Republican Rep. Mike Gallagher, a Catholic from Wisconsin, who had nominated McCarthy for the fourth round of voting, acknowledged in his remarks on the House floor that multiple failed rounds of voting in the speaker election "looks messy."
"But democracy is messy," said Gallagher, arguing that this was by "design."
"That's a feature, not a bug of our system," Gallagher said, arguing the House should have a debate, but he views McCarthy as the best candidate.
McCarthy's Republican opponents sought commitments from him on some of their preferred rules or legislation, such as holding a vote on legislation imposing term limits on members of Congress or enacting rules making it easier to oust a House speaker.
One element of an emerging deal between McCarthy and the holdouts is the reinstatement of a House rule that would allow just one lawmaker to make a motion to "vacate the chair," or a vote to oust the speaker. McCarthy had resisted that effort, which contributed to the retirement of former Republican House Speaker John Boehner of Ohio.

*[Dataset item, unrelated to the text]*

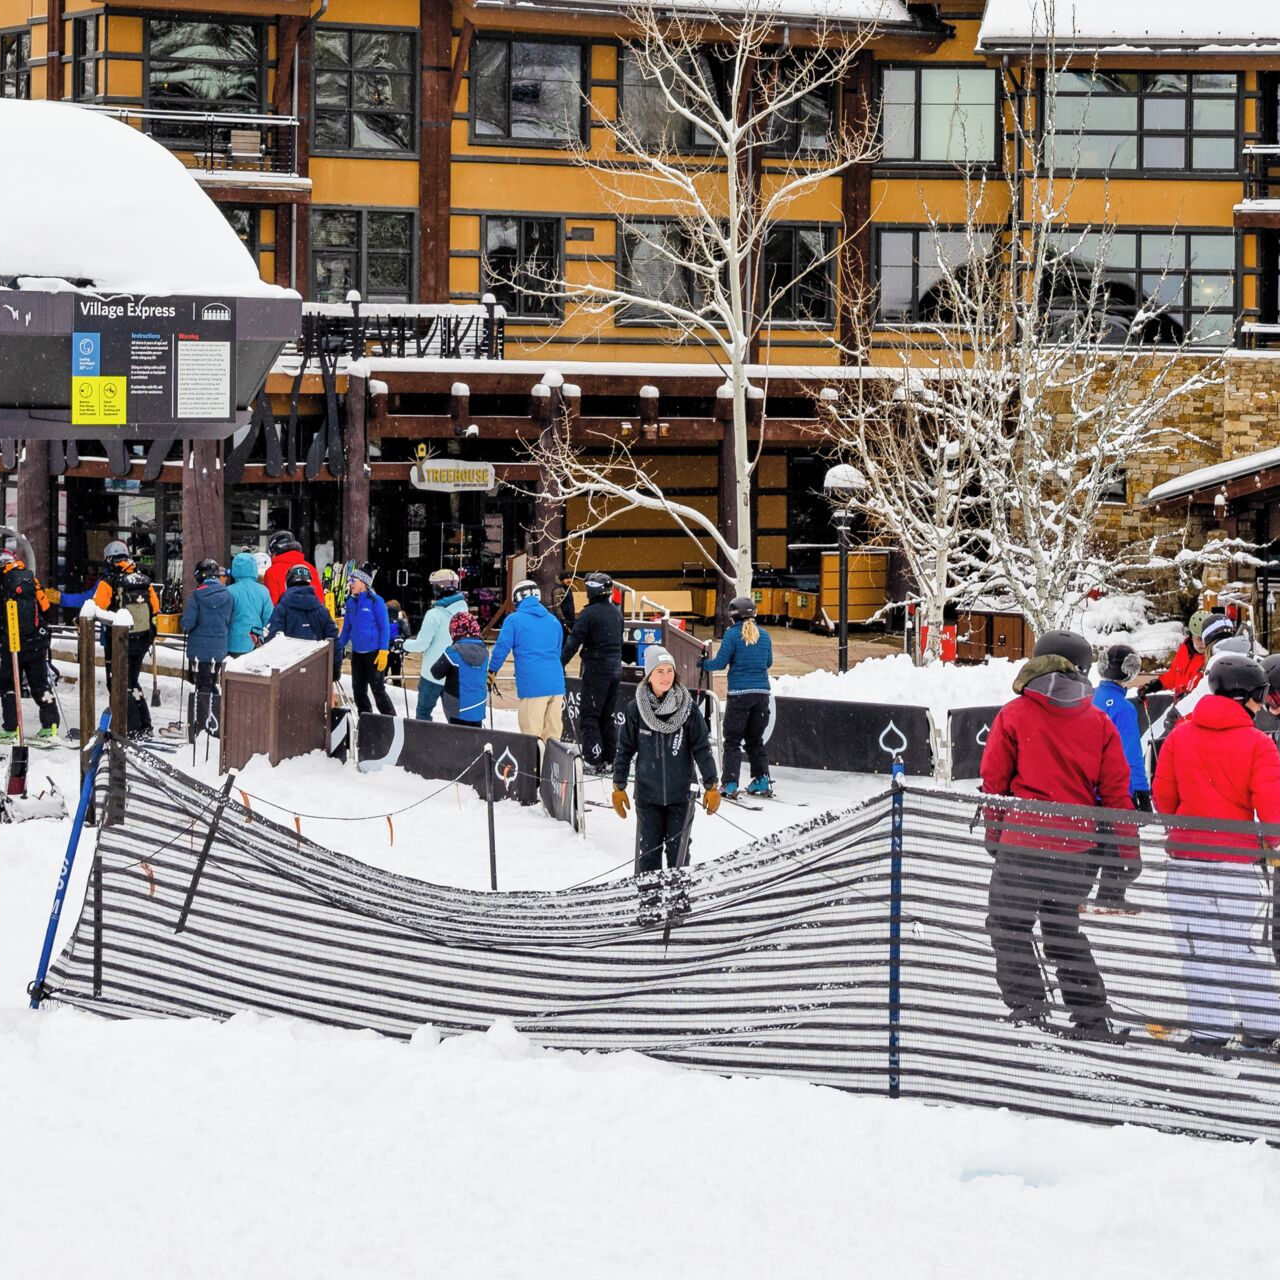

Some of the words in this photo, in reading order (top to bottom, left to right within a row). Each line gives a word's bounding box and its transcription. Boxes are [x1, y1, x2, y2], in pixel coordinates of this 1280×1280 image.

[80, 302, 124, 319] Village
[128, 303, 176, 319] Express
[426, 468, 489, 483] TREEHOUSE

Rep. Alex Mooney, R-W.Va., a Catholic and a Trump ally who intends to challenge fellow Catholic Sen. Joe Manchin, D-W.Va., for the Senate in 2024, echoed that sentiment.
"We keep voting 'til someone gets 218 votes," Mooney said in a video posted to Twitter. "Thus far, I've been voting for Kevin McCarthy, but some Republican at some point … needs to get 218 votes."
Some Democrats likened the proceedings to a show. Rep. Ted Lieu, D-Calif., who is Catholic, tweeted a picture of himself Jan. 3 holding a bag of popcorn.
In remarks to reporters at the White House Jan. 3, President Joe Biden shrugged off the House GOP's speaker race drama, saying "that's not my problem."